>>>

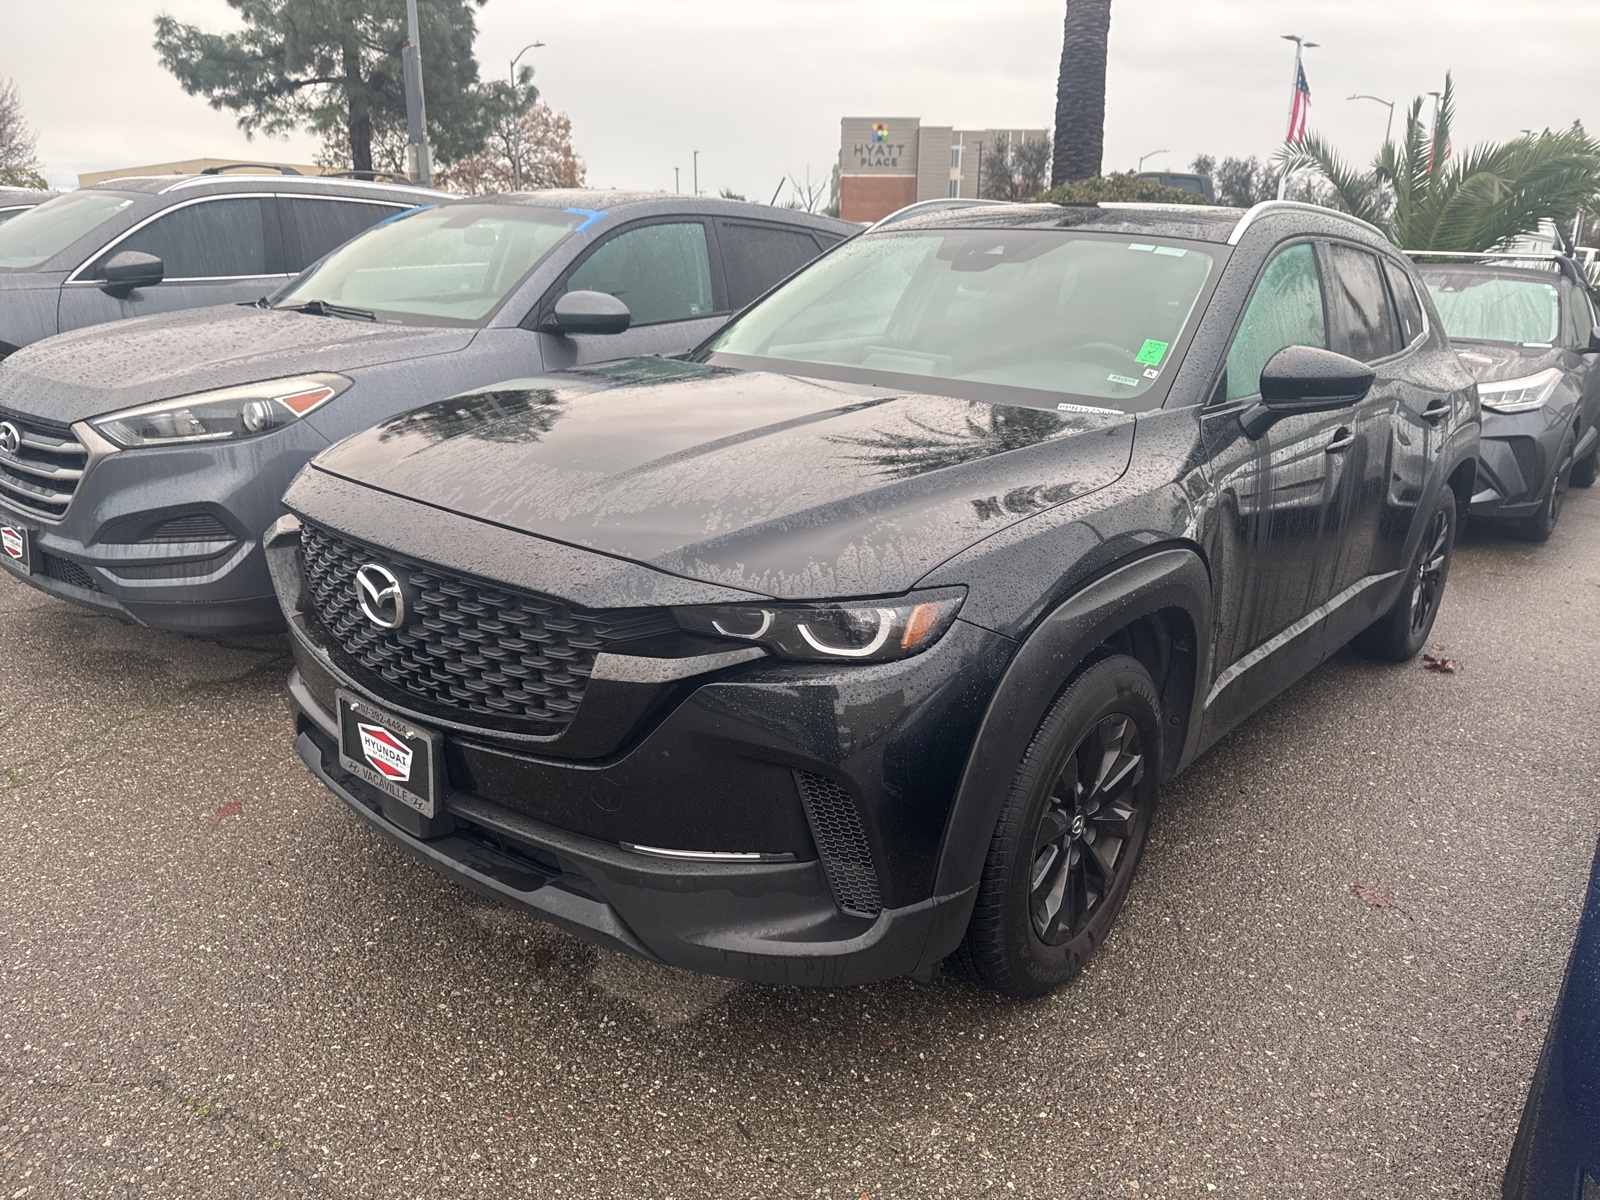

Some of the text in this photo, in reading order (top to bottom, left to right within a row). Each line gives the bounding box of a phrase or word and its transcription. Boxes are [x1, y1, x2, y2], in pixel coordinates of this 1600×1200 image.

[854, 144, 905, 156] HYATT
[861, 157, 898, 167] PLACE
[356, 702, 407, 733] 707-392-4484
[364, 736, 406, 766] HYUNDAI
[362, 767, 408, 803] VACAVILLE
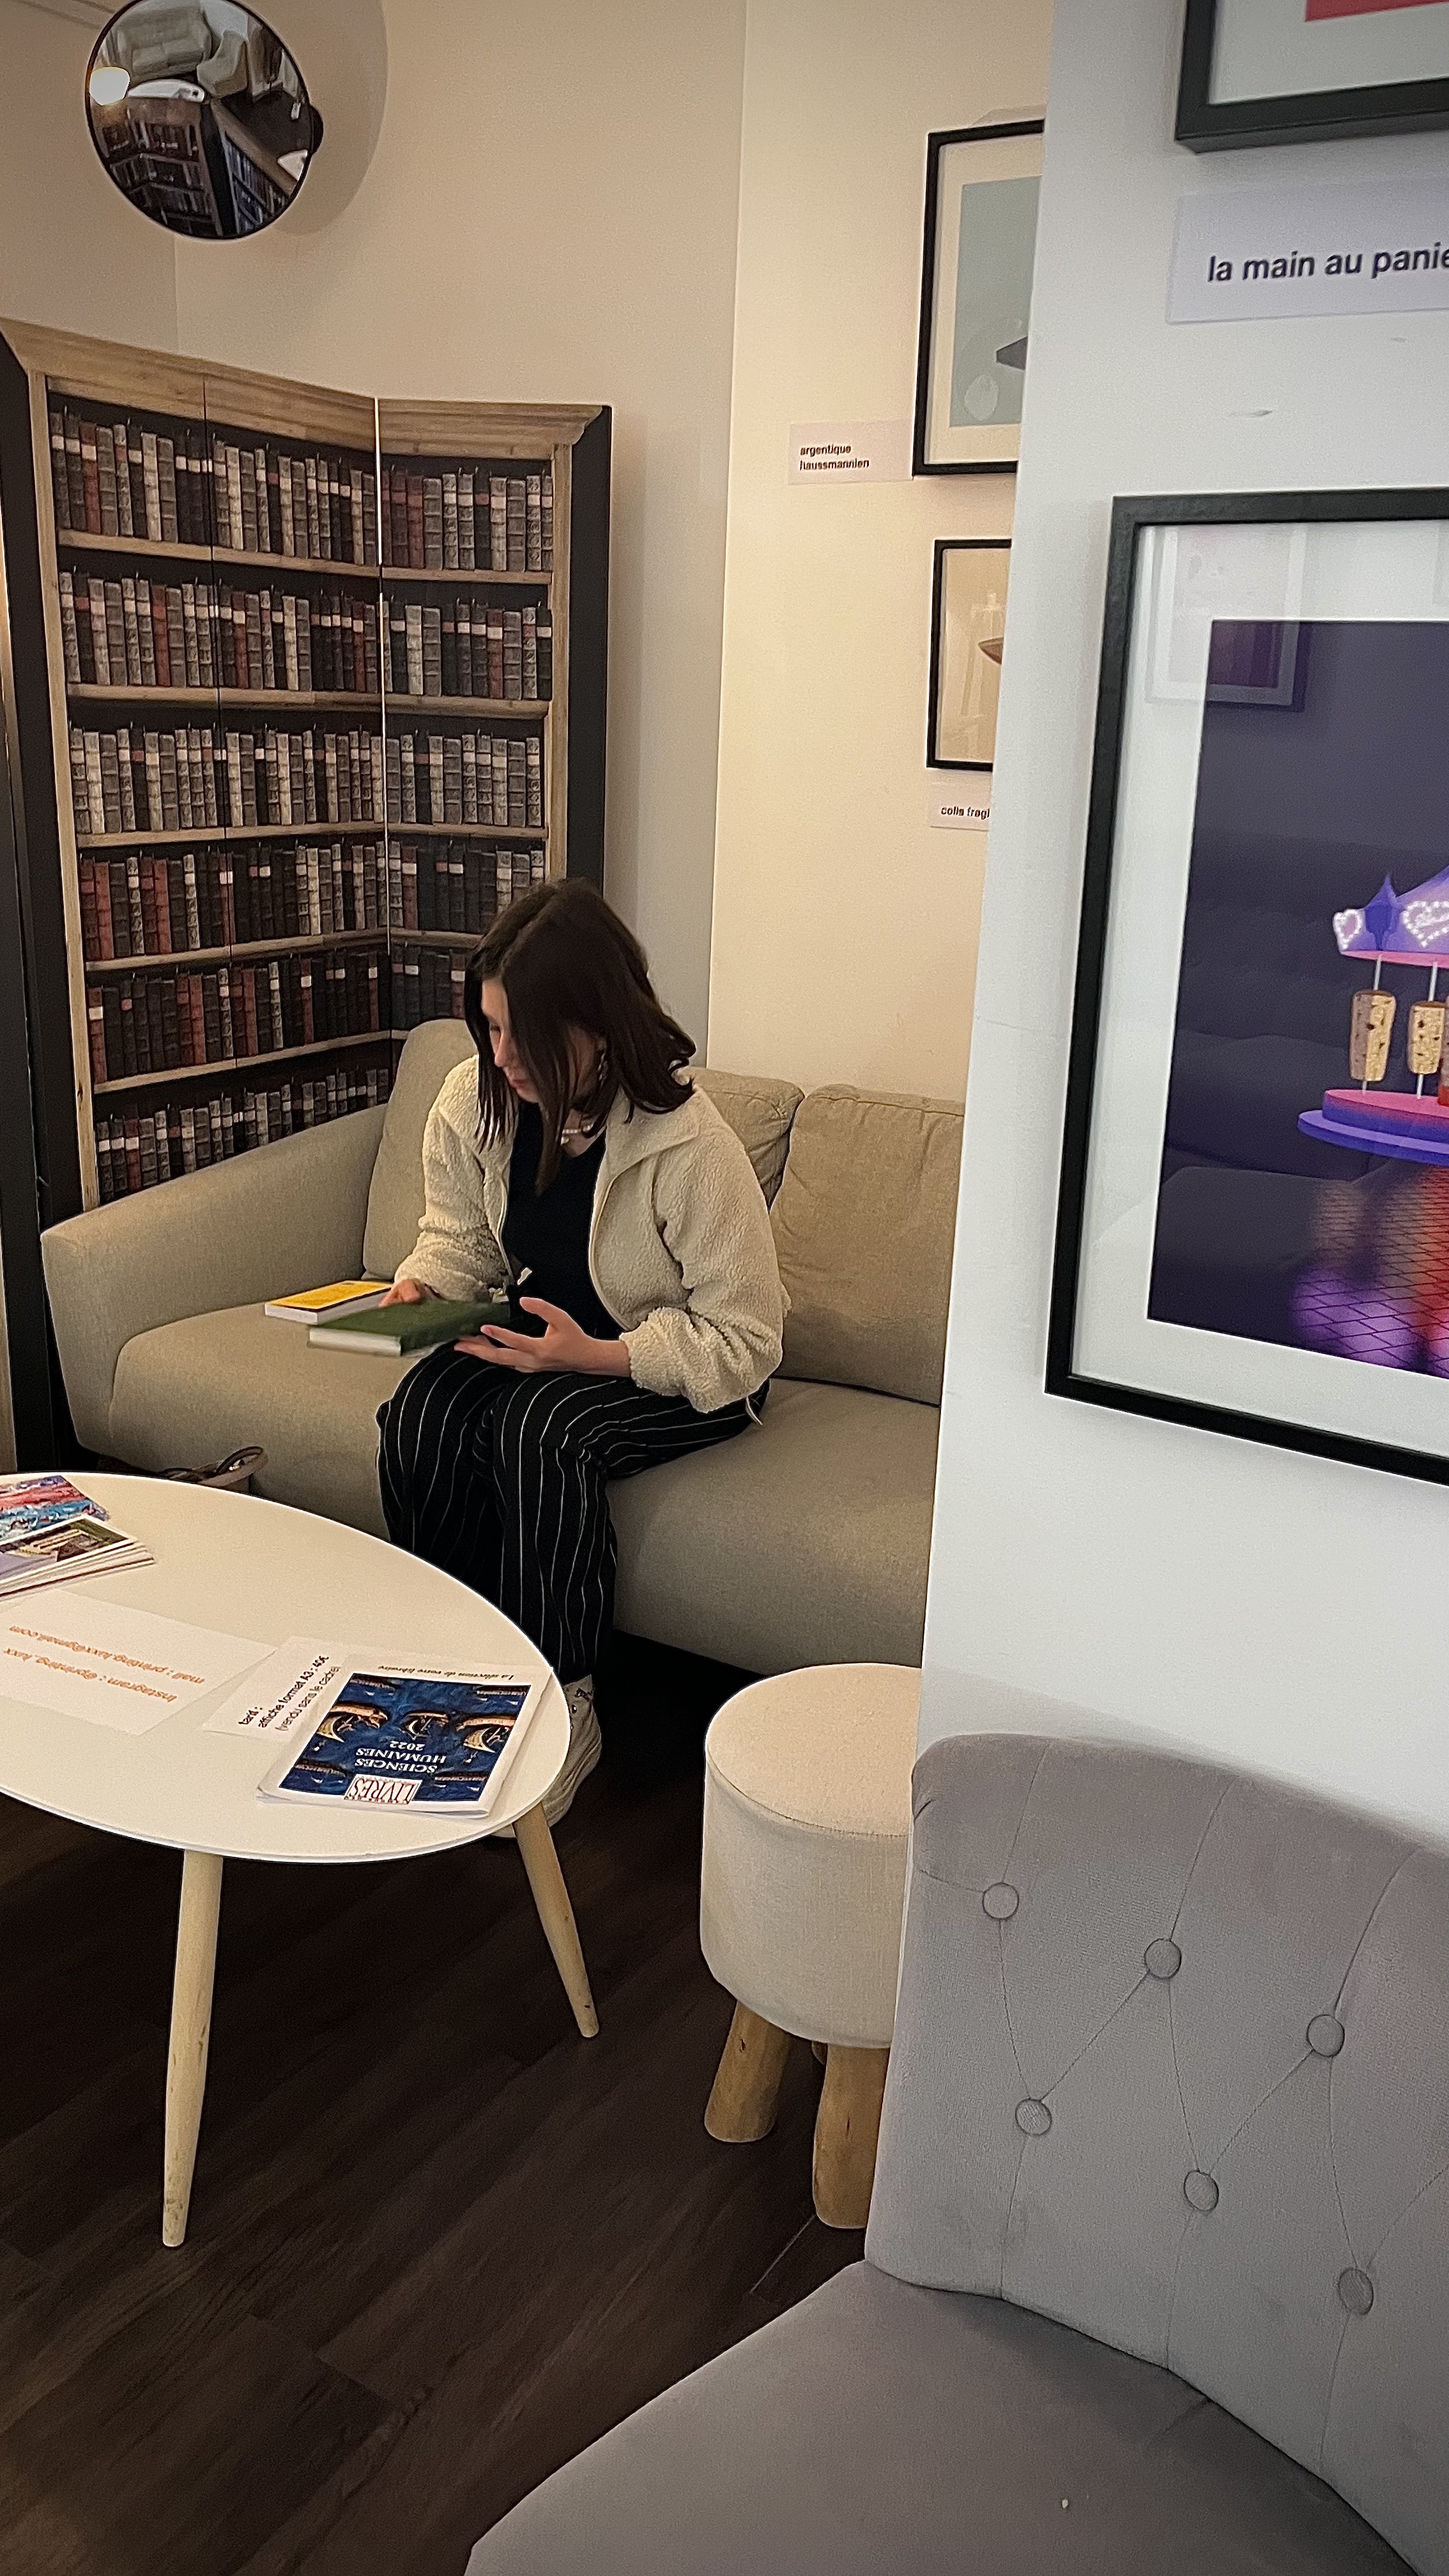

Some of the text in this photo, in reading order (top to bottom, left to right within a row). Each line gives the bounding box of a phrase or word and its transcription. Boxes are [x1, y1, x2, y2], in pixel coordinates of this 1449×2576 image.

[1208, 256, 1232, 282] la
[1243, 250, 1314, 280] main
[1325, 254, 1363, 275] au
[800, 443, 852, 457] argentique
[799, 458, 870, 470] haussmannien
[171, 1672, 205, 1683] mail
[107, 1678, 177, 1703] Instagram
[258, 1705, 284, 1728] affiche
[278, 1681, 306, 1703] format
[300, 1671, 314, 1681] A3
[298, 1692, 317, 1708] sans
[238, 1710, 259, 1724] tarif
[390, 1740, 425, 1751] 2022
[356, 1748, 447, 1763] HUMAINES
[355, 1758, 438, 1774] SCIENCES
[349, 1778, 415, 1804] LIVRES
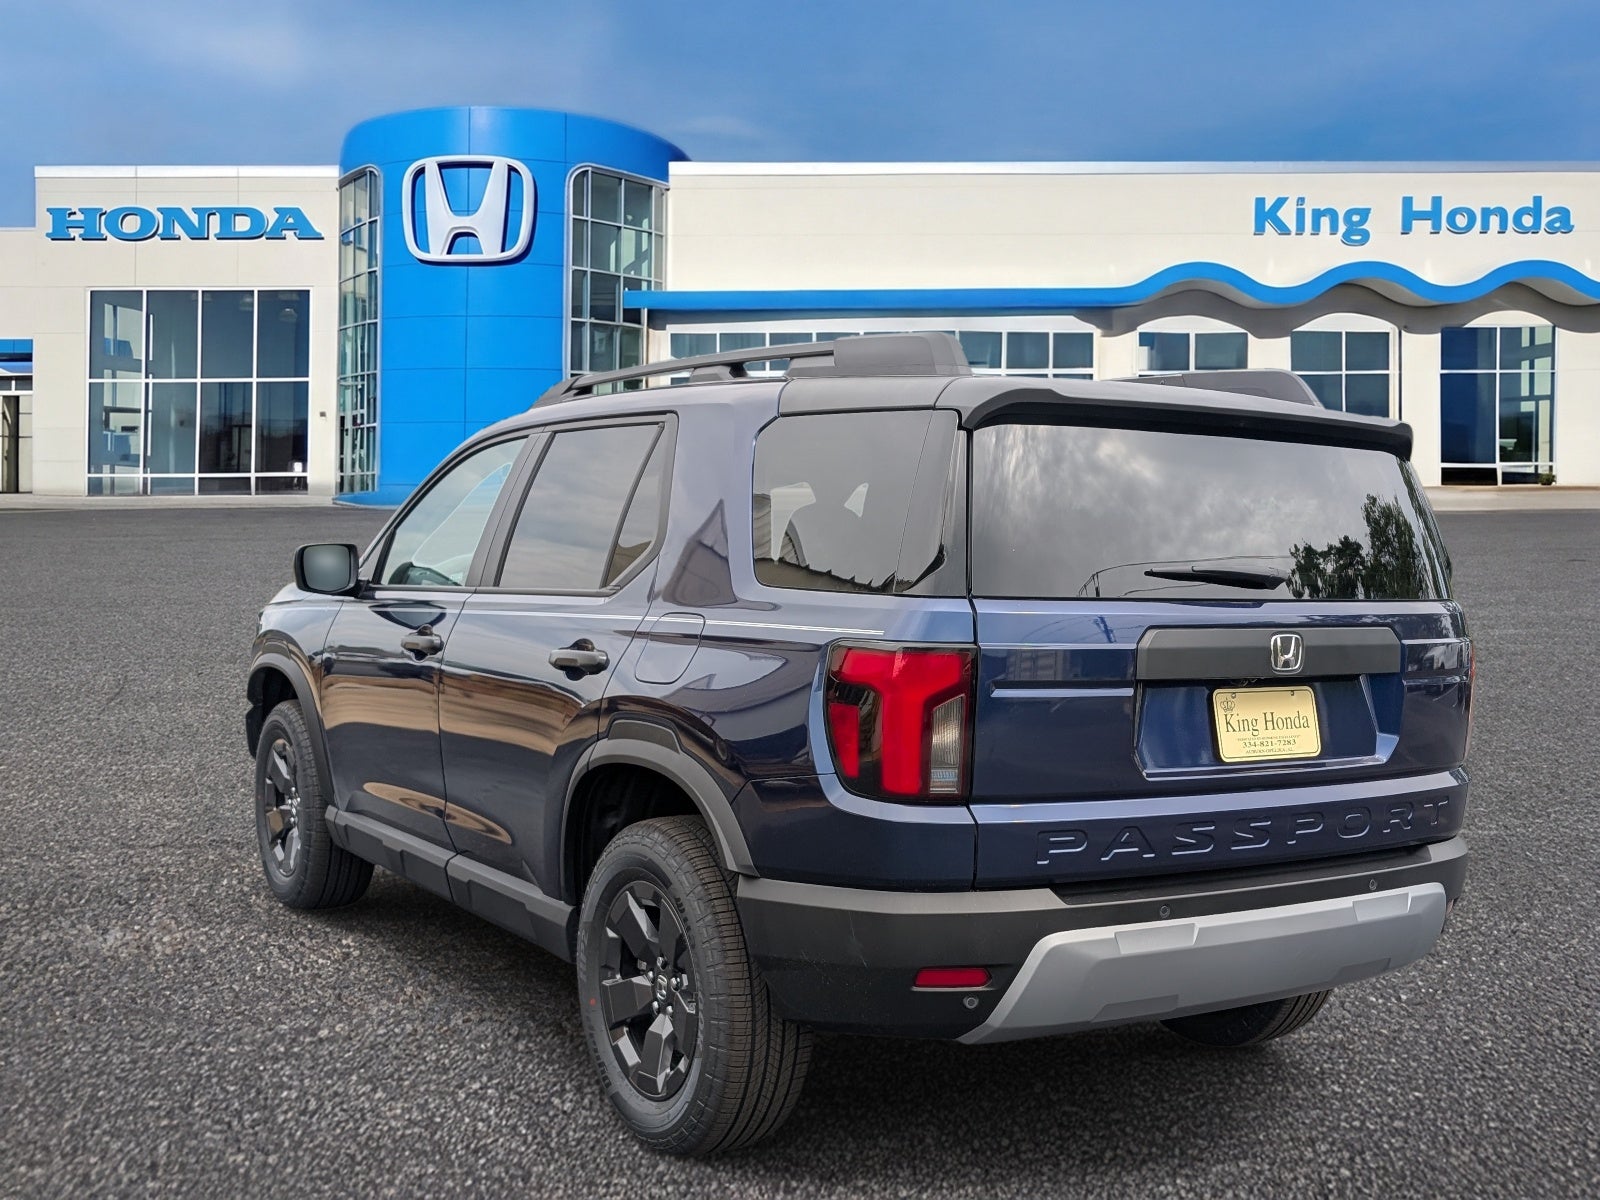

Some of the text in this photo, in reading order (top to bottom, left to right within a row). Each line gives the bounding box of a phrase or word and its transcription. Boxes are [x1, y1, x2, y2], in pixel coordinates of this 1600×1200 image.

[46, 206, 324, 241] HONDA
[1254, 195, 1575, 246] King Honda
[1224, 711, 1310, 737] King Honda
[1242, 739, 1297, 748] 334-821-7283
[1036, 799, 1449, 864] PASSPORT

<<<

_ABOUT THIS TASK_
The pictures in the data should be omitted, and every remaining line set down exactly.

_ANSWER FOR THIS EXERCISE_
Some of the text in this photo, in reading order (top to bottom, left to right within a row). Each line gives the bounding box of a phrase or word and its transcription. Boxes are [x1, y1, x2, y2], in pixel coordinates of this 1600×1200 image.

[854, 144, 905, 156] HYATT
[861, 157, 898, 167] PLACE
[356, 702, 407, 733] 707-392-4484
[364, 736, 406, 766] HYUNDAI
[362, 767, 408, 803] VACAVILLE

Some of the text in this photo, in reading order (top to bottom, left to right within a row). Each line gives the bounding box of a phrase or word and its transcription. Boxes are [x1, y1, x2, y2], in pixel coordinates of this 1449×2576 image.

[1208, 256, 1232, 282] la
[1243, 250, 1314, 280] main
[1325, 254, 1363, 275] au
[800, 443, 852, 457] argentique
[799, 458, 870, 470] haussmannien
[171, 1672, 205, 1683] mail
[107, 1678, 177, 1703] Instagram
[258, 1705, 284, 1728] affiche
[278, 1681, 306, 1703] format
[300, 1671, 314, 1681] A3
[298, 1692, 317, 1708] sans
[238, 1710, 259, 1724] tarif
[390, 1740, 425, 1751] 2022
[356, 1748, 447, 1763] HUMAINES
[355, 1758, 438, 1774] SCIENCES
[349, 1778, 415, 1804] LIVRES

Some of the text in this photo, in reading order (top to bottom, left to right within a row). Each line gives the bounding box of a phrase or word and its transcription. Boxes are [x1, y1, x2, y2], in pixel coordinates of this 1600×1200 image.

[46, 206, 324, 241] HONDA
[1254, 195, 1575, 246] King Honda
[1224, 711, 1310, 737] King Honda
[1242, 739, 1297, 748] 334-821-7283
[1036, 799, 1449, 864] PASSPORT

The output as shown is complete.